Stored entries
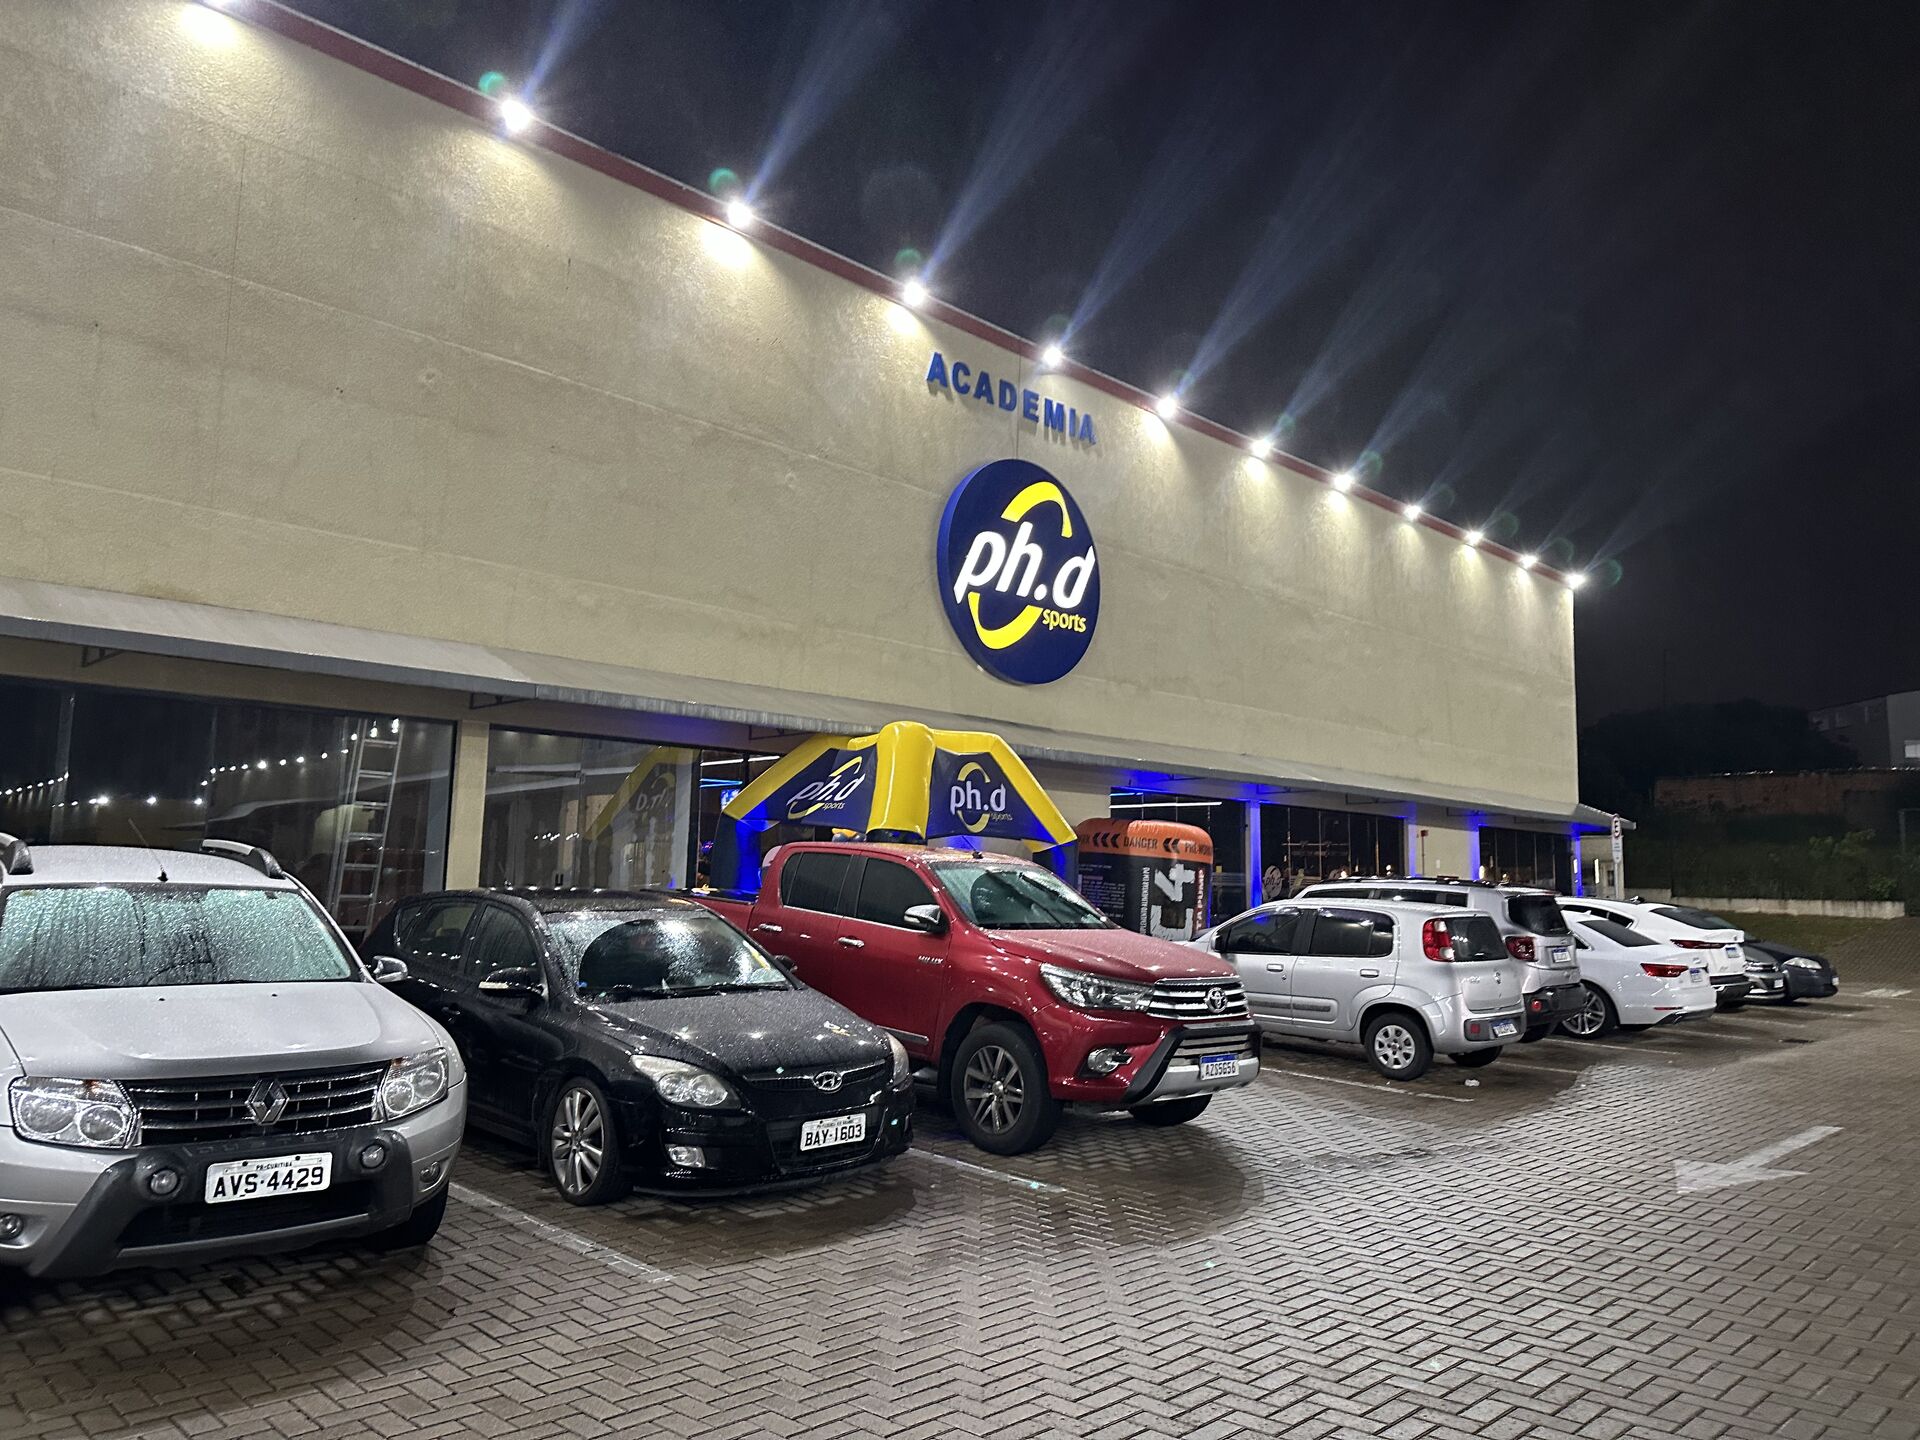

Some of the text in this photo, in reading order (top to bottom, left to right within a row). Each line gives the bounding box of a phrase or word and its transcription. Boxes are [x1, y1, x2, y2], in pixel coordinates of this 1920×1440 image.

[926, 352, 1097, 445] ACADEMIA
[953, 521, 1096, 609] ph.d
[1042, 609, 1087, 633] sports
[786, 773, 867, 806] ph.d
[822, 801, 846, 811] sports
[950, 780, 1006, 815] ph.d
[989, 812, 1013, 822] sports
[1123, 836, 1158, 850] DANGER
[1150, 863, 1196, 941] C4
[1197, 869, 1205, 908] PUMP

What to work on:
Copy the entries exactly. Leave the pictures out.

Response area:
Some of the text in this photo, in reading order (top to bottom, left to right within a row). Each line gives the bounding box of a phrase or word and its transcription. Boxes are [x1, y1, x2, y2], in pixel coordinates of this 1920×1440 image.

[926, 352, 1097, 445] ACADEMIA
[953, 521, 1096, 609] ph.d
[1042, 609, 1087, 633] sports
[786, 773, 867, 806] ph.d
[822, 801, 846, 811] sports
[950, 780, 1006, 815] ph.d
[989, 812, 1013, 822] sports
[1123, 836, 1158, 850] DANGER
[1150, 863, 1196, 941] C4
[1197, 869, 1205, 908] PUMP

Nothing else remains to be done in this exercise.